2. Wetland Buffer Areas
a. Wetland buffer areas shall be required for all regulated uses and activities
adjacent to wetlands. Any wetland created, restored or enhanced as
compensation for approved wetland alterations shall also include the standard
buffer required for the category of the created, restored, or enhanced wetland. All
buffers shall be measured from the wetland boundary as determined in the field.
The minimum width of the wetland buffer area shall be determined by the
classification as follows:
Wetland Minimum Buffer
Category Area(in feet)
1 200
2 150
3 75
4 25
b. Additional buffer area width may be required by the Director if:
i. The wetland includes a plant or animal species listed by the federal
government or the state as endangered, threatened, candidate, sensitive,
monitored or documented priority species or habitats, or essential or
outstanding habitat for those species or has unusual nesting or resting
sites such as heron rookeries or raptor nesting trees; or
ii.

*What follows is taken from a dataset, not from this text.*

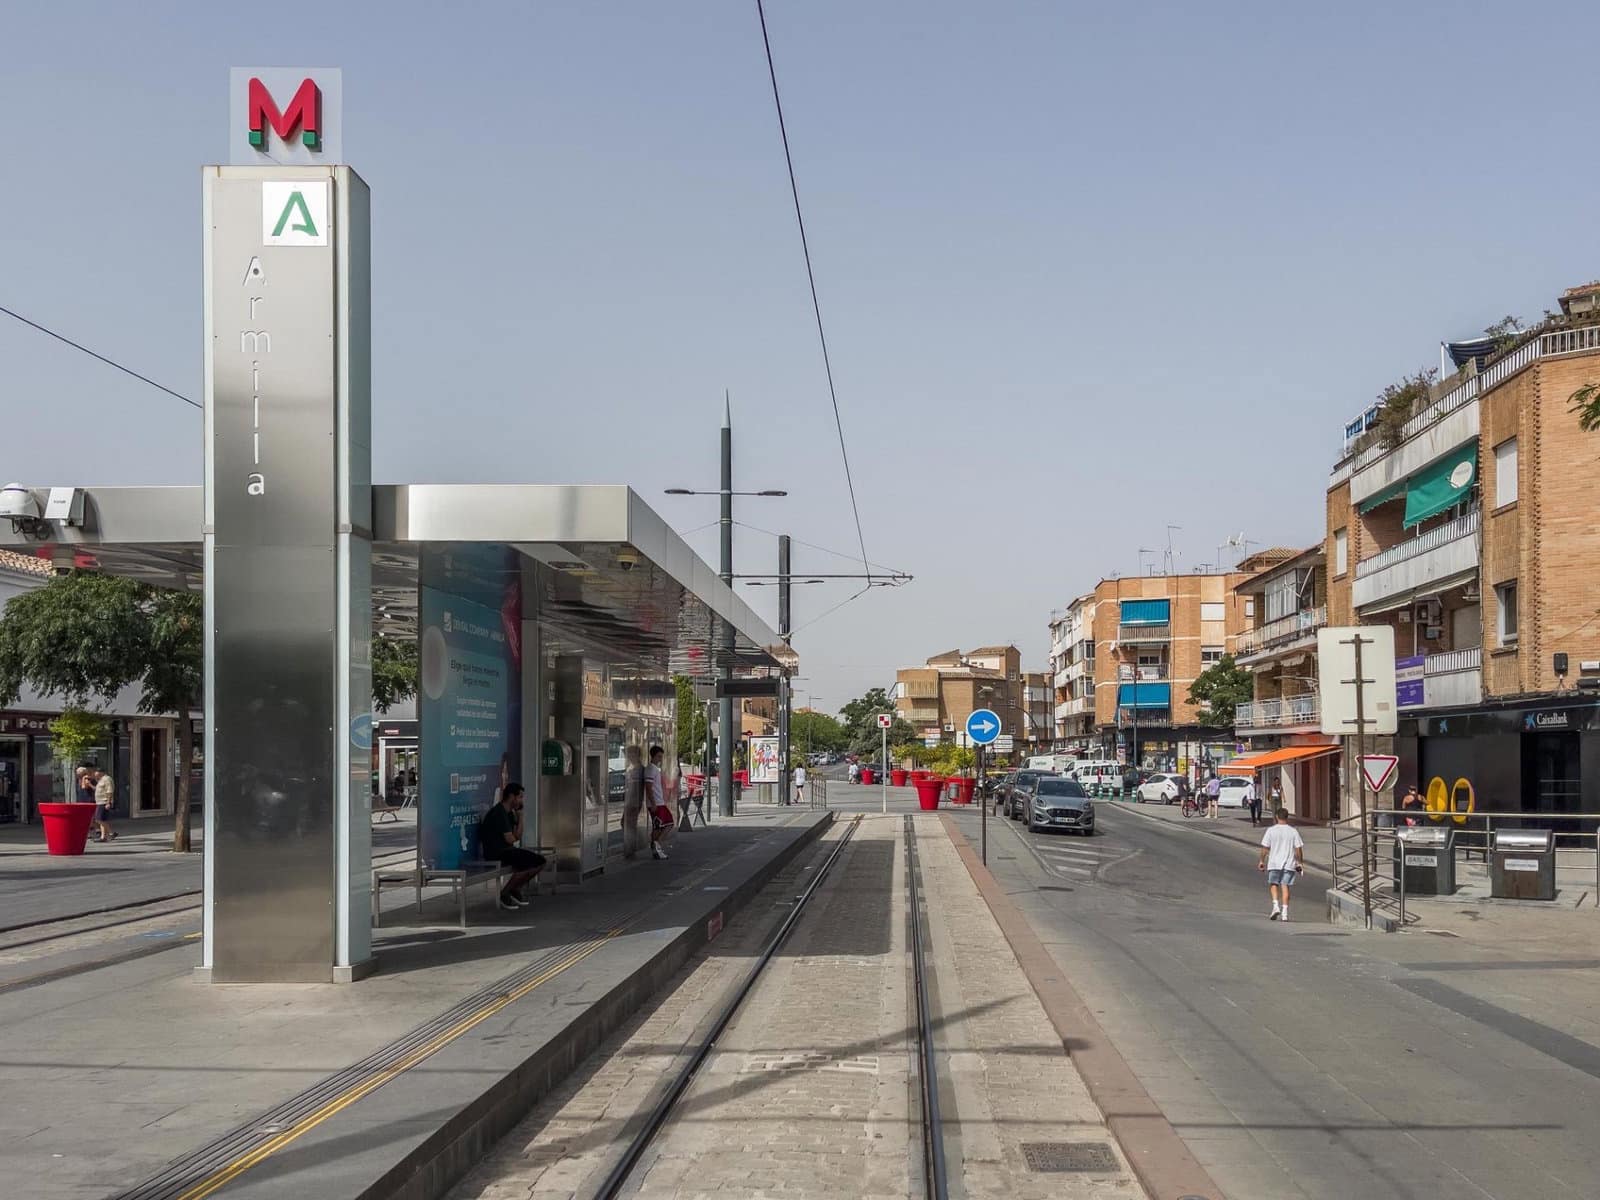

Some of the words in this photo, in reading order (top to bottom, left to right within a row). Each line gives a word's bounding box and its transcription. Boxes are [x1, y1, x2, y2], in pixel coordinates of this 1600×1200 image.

[248, 77, 320, 147] M
[240, 255, 272, 496] Armilla
[1536, 712, 1568, 725] CaixaBank
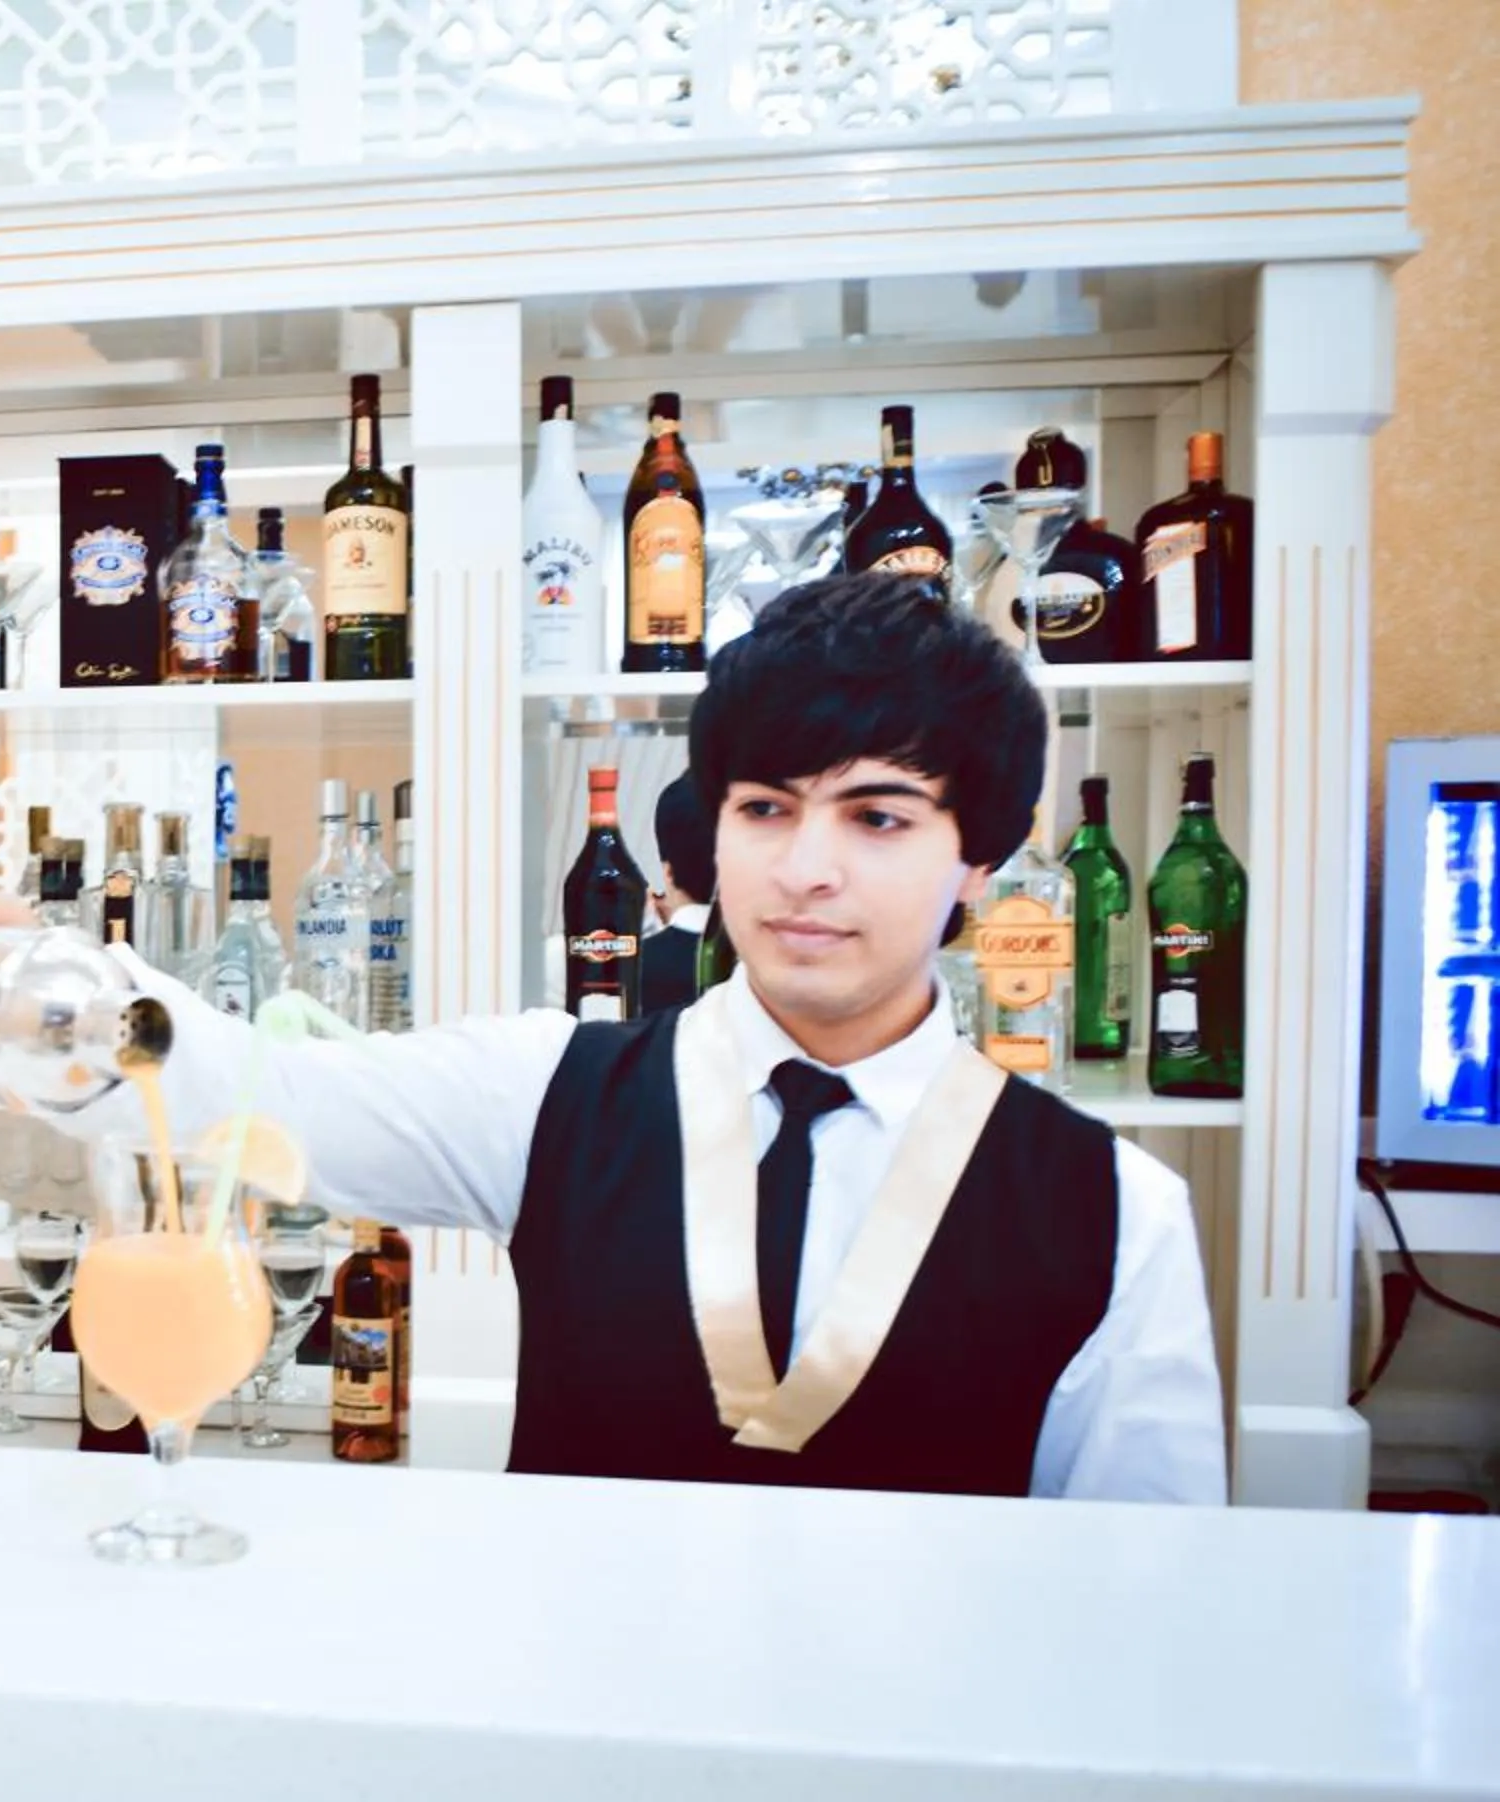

The adjacent land is susceptible to severe erosion and erosion control
measures will not effectively prevent adverse wetland impacts; or
iii. The adjacent land has minimal vegetative cover or slopes greater than
thirty percent.
c. Reduction of Standard Wetland Buffer Area Width. The standard wetland buffer
area width may be reduced on a case-by-case basis by the director if:
i. The adjacent land has a high quality vegetative buffer, has less than
fifteen percent slopes, and no direct or indirect, short-term or long-term,
adverse impacts to wetlands will result from a regulated activity. Long-
term monitoring of the project and subsequent corrective actions may be
required if adverse impacts to wetlands are discovered; or
ii. The project includes a buffer enhancement plan that improves the
functional attributes of the buffer. An enhanced buffer shall not result in
greater than a twenty-five percent reduction in the buffer width or be less
than twenty-five feet.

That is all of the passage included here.